Start of Dataset extract
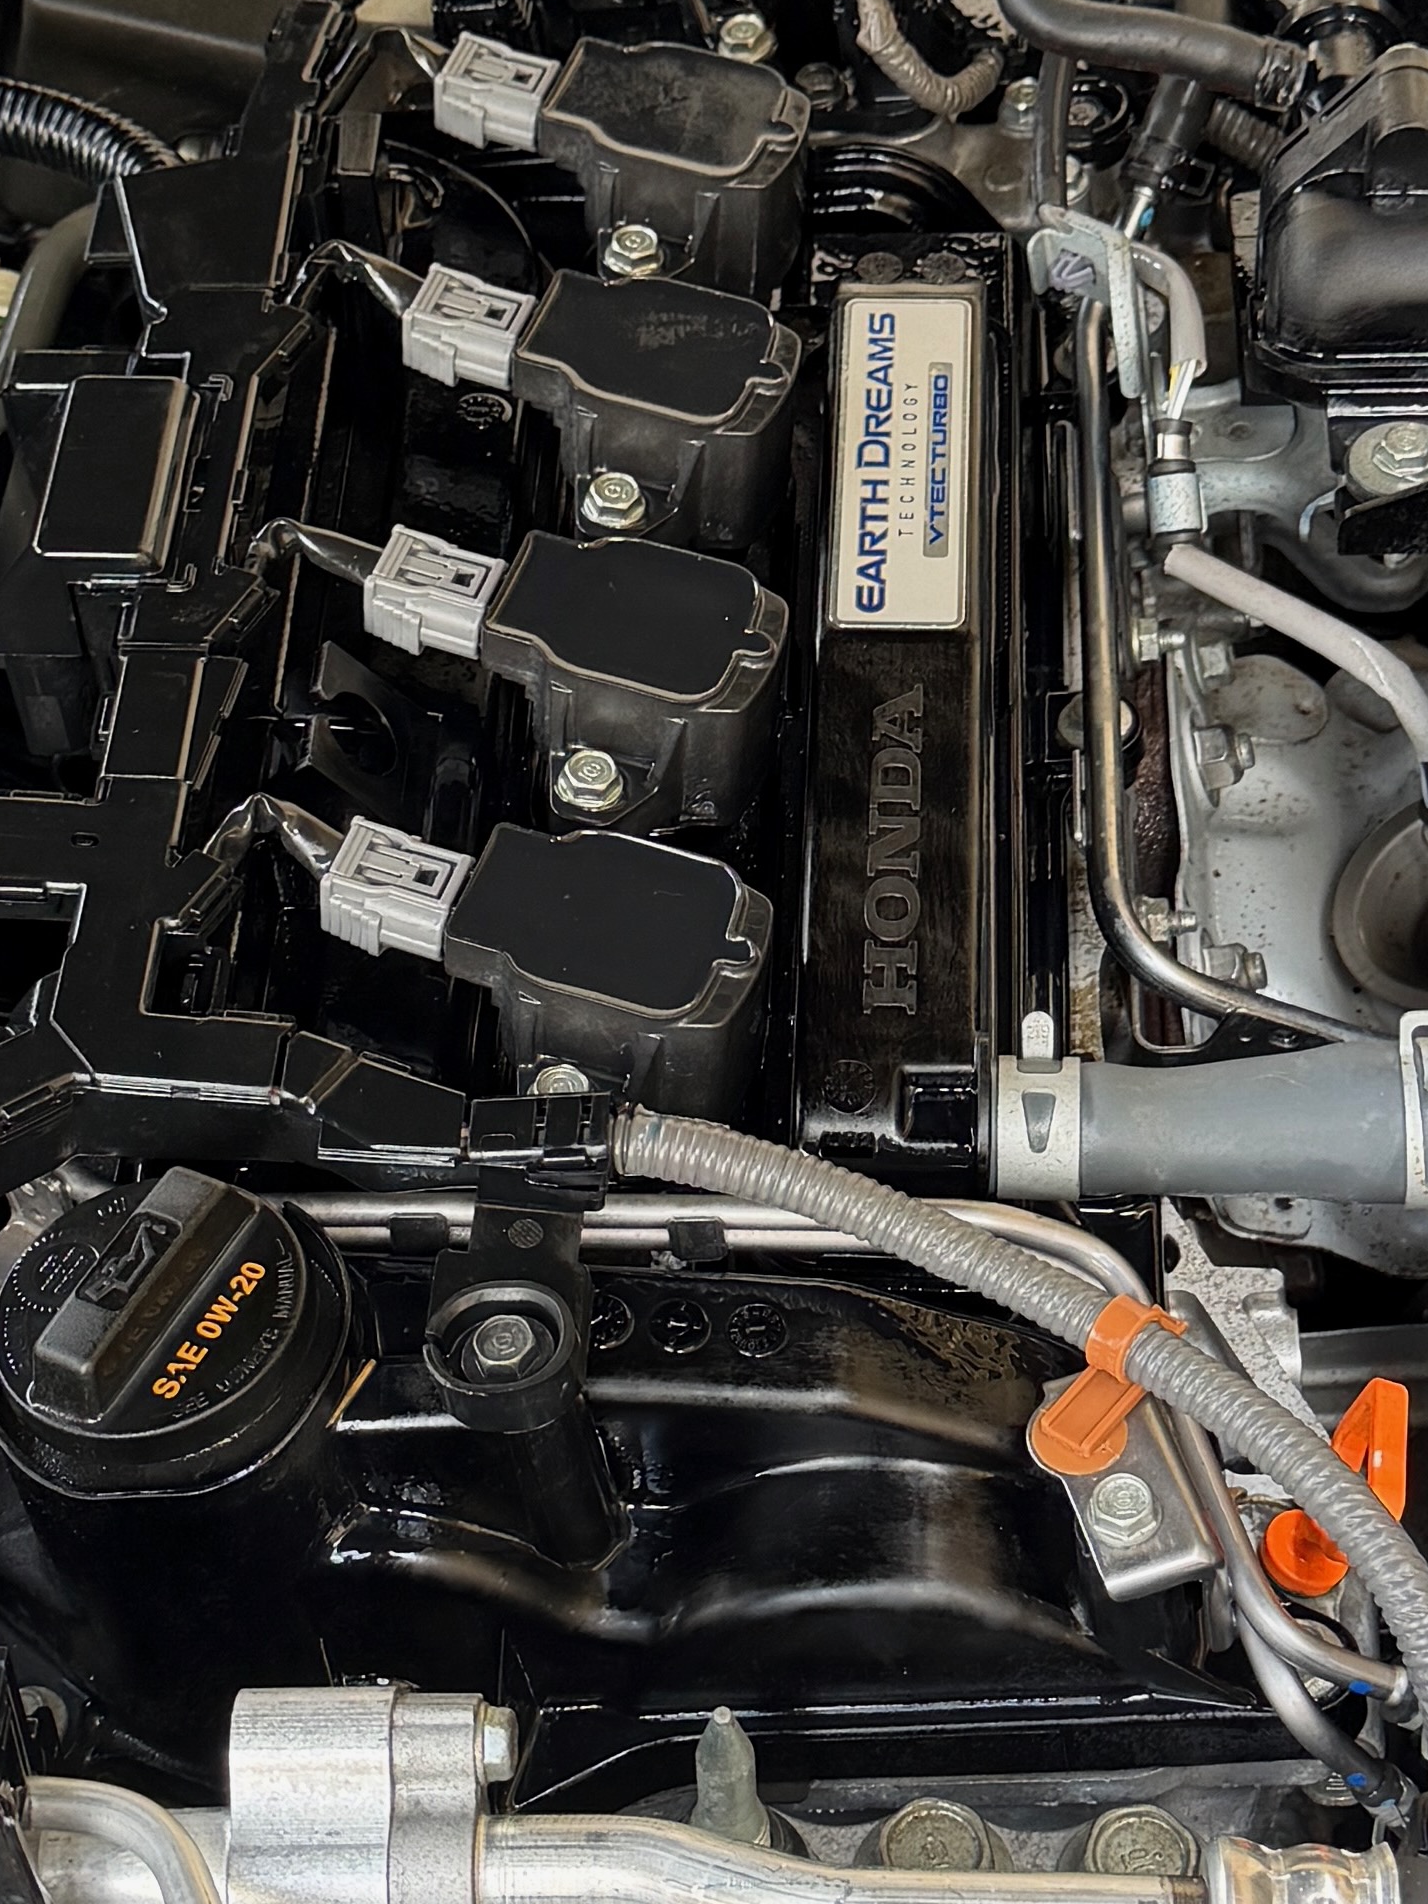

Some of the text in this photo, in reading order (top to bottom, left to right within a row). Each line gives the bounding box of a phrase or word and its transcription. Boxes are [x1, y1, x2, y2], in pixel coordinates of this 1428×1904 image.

[854, 313, 896, 614] EARTH DREAMS
[898, 382, 918, 537] TECHNOLOGY
[862, 683, 926, 1017] HONDA
[151, 1261, 266, 1401] SAE 0W-20
[271, 1251, 296, 1320] MANUAL
End of Dataset extract
Each line of the listing above should be retyped exactly, with no pictures.

Some of the text in this photo, in reading order (top to bottom, left to right within a row). Each line gives the bounding box of a phrase or word and its transcription. Boxes are [x1, y1, x2, y2], in pixel coordinates of this 1428×1904 image.

[854, 313, 896, 614] EARTH DREAMS
[898, 382, 918, 537] TECHNOLOGY
[862, 683, 926, 1017] HONDA
[151, 1261, 266, 1401] SAE 0W-20
[271, 1251, 296, 1320] MANUAL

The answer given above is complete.